Para completar el decálogo de bondades, el Ayuntamiento asegura que se reutilizará agua reciclada de la depuradora -el riego es uno de los puntos débiles de la actividad-, para obtener los mil metros cúbicos que se necesitan cada día, por cierto, un consumo inferior al de las piscinas, las primeras de su tipo de la provincia. Gil Orive cree que también se ha superado otra barrera, la ecológica. Un informe de impacto ambiental de la Diputación hacía hincapié en las zonas protegidas que habían sido invadidas por el proyecto. «Recortaremos las 11 hectáreas que afectan a territorio de la red europea Natura 2000, haremos la carretera más pequeña, quitaremos el hotel que irá al pueblo y los 45 'chateaux', chalés de lujo con bodega en medio de fincas de viñedo. Reubicaremos el club social para que no dañe el paisaje y aumentaremos 165 hectáreas de monte público. De los 600.000 metros cuadrados sólo se tocarán 140.000 de 'greens' y 'tees' No vamos a saltarnos la legalidad. Cumpliremos las medidas correctoras», advierte.

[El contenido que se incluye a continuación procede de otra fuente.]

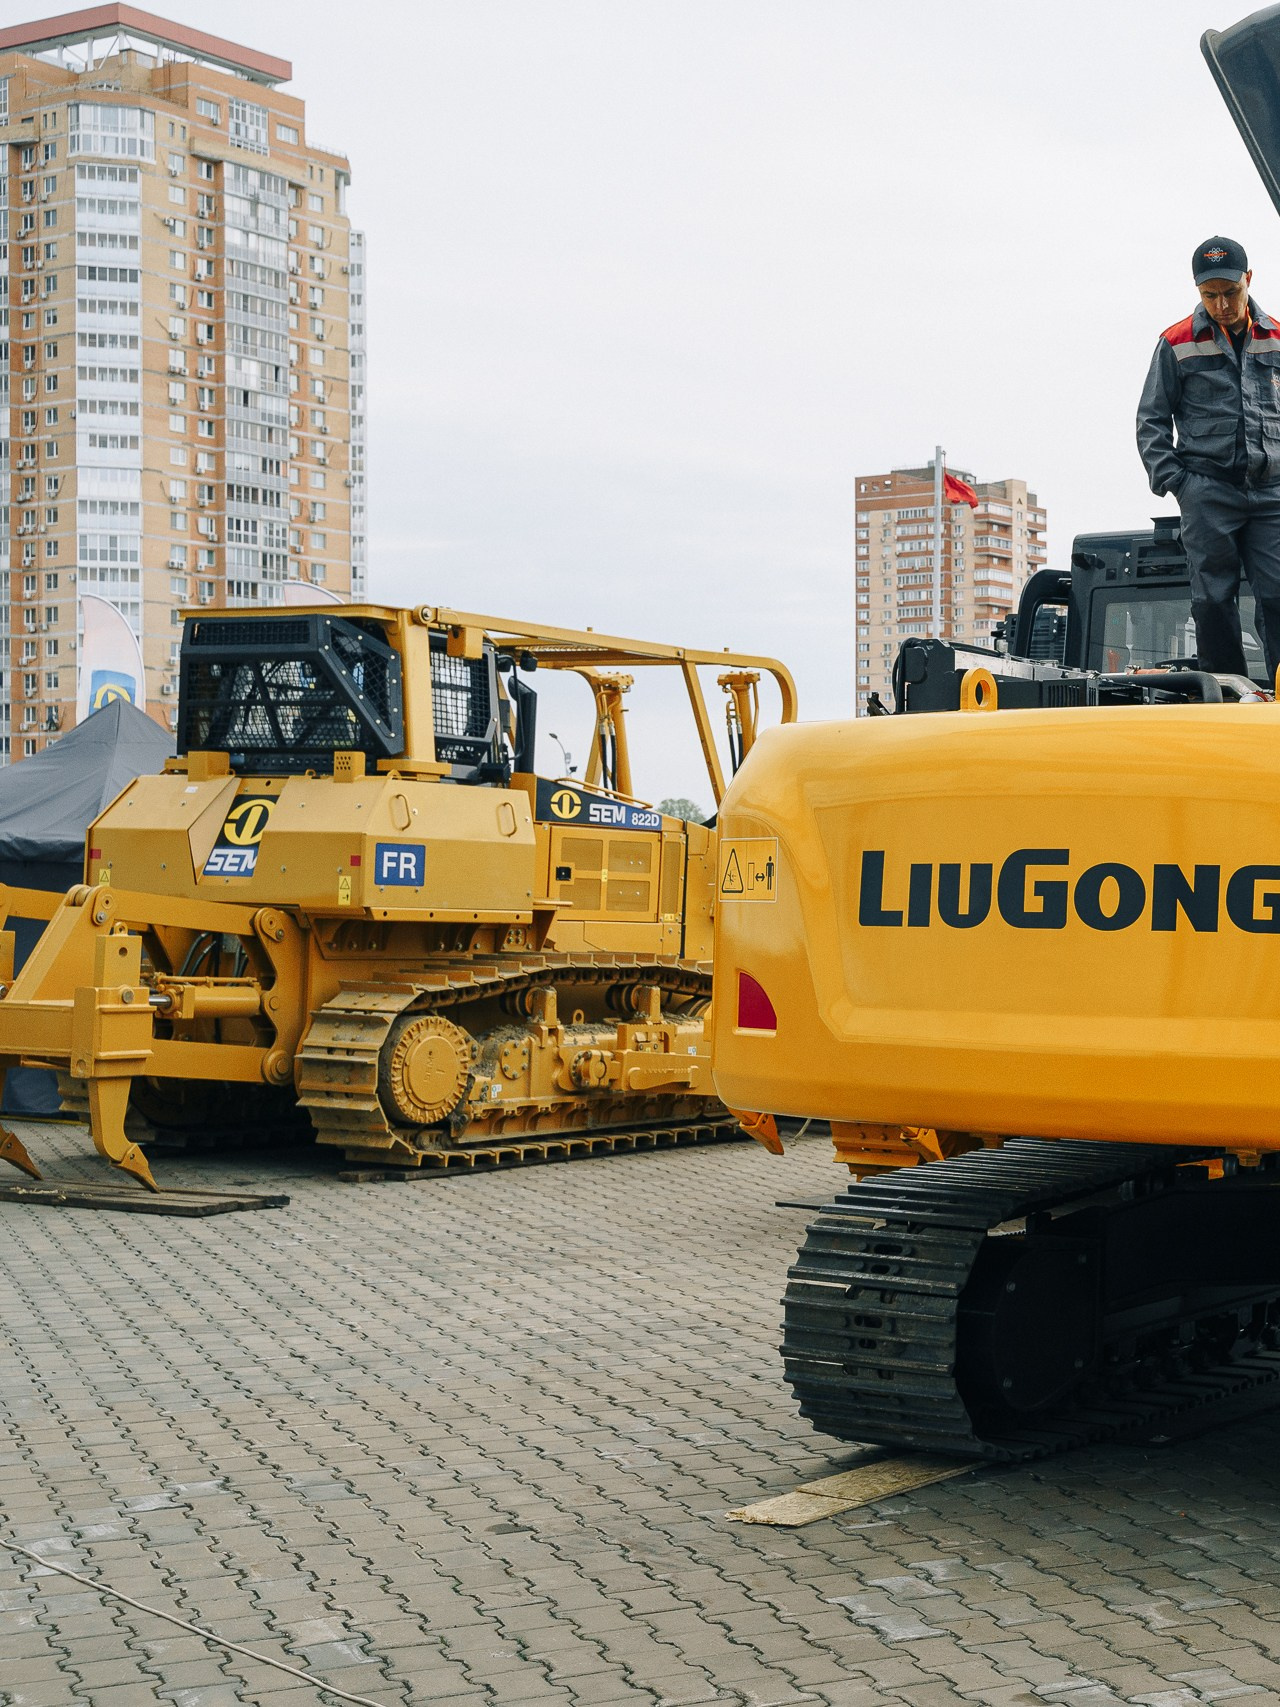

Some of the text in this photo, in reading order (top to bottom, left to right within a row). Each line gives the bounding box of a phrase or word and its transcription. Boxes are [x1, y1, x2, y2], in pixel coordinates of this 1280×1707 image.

[589, 803, 660, 827] SEM 822D
[382, 850, 417, 880] FR

Pero estos argumentos, en los que se admite un cambio importante sobre el proyecto inicial, siguen sin convencer a la plataforma Torrolate.

Manolo H. Osante, uno de los vocales de la agrupación, que reconoce su militancia en Ezker Batua y ha conseguido más de 300 firmas vecinales para su causa, considera un «disparate el campo de golf». «El parque de San Ginés, el Toloño..., estos paisajes forman parte de nosotros, de las cosas que queremos. Por aquí paseamos, y nos divertimos, nos juntamos. Si a eso le añadimos el consumo bestial de agua que necesita el campo, el crecimiento acelerado del pueblo, y la impresión de que se especula con suelo rústico, llegamos a la conclusión de que este proyecto no lo queremos para Labastida», concluye. Torrolate ha conseguido el interés del Ararteko por controlar cómo se desarrollan las cosas y cree que el campo «está tocado de muerte», tras el informe de la Diputación.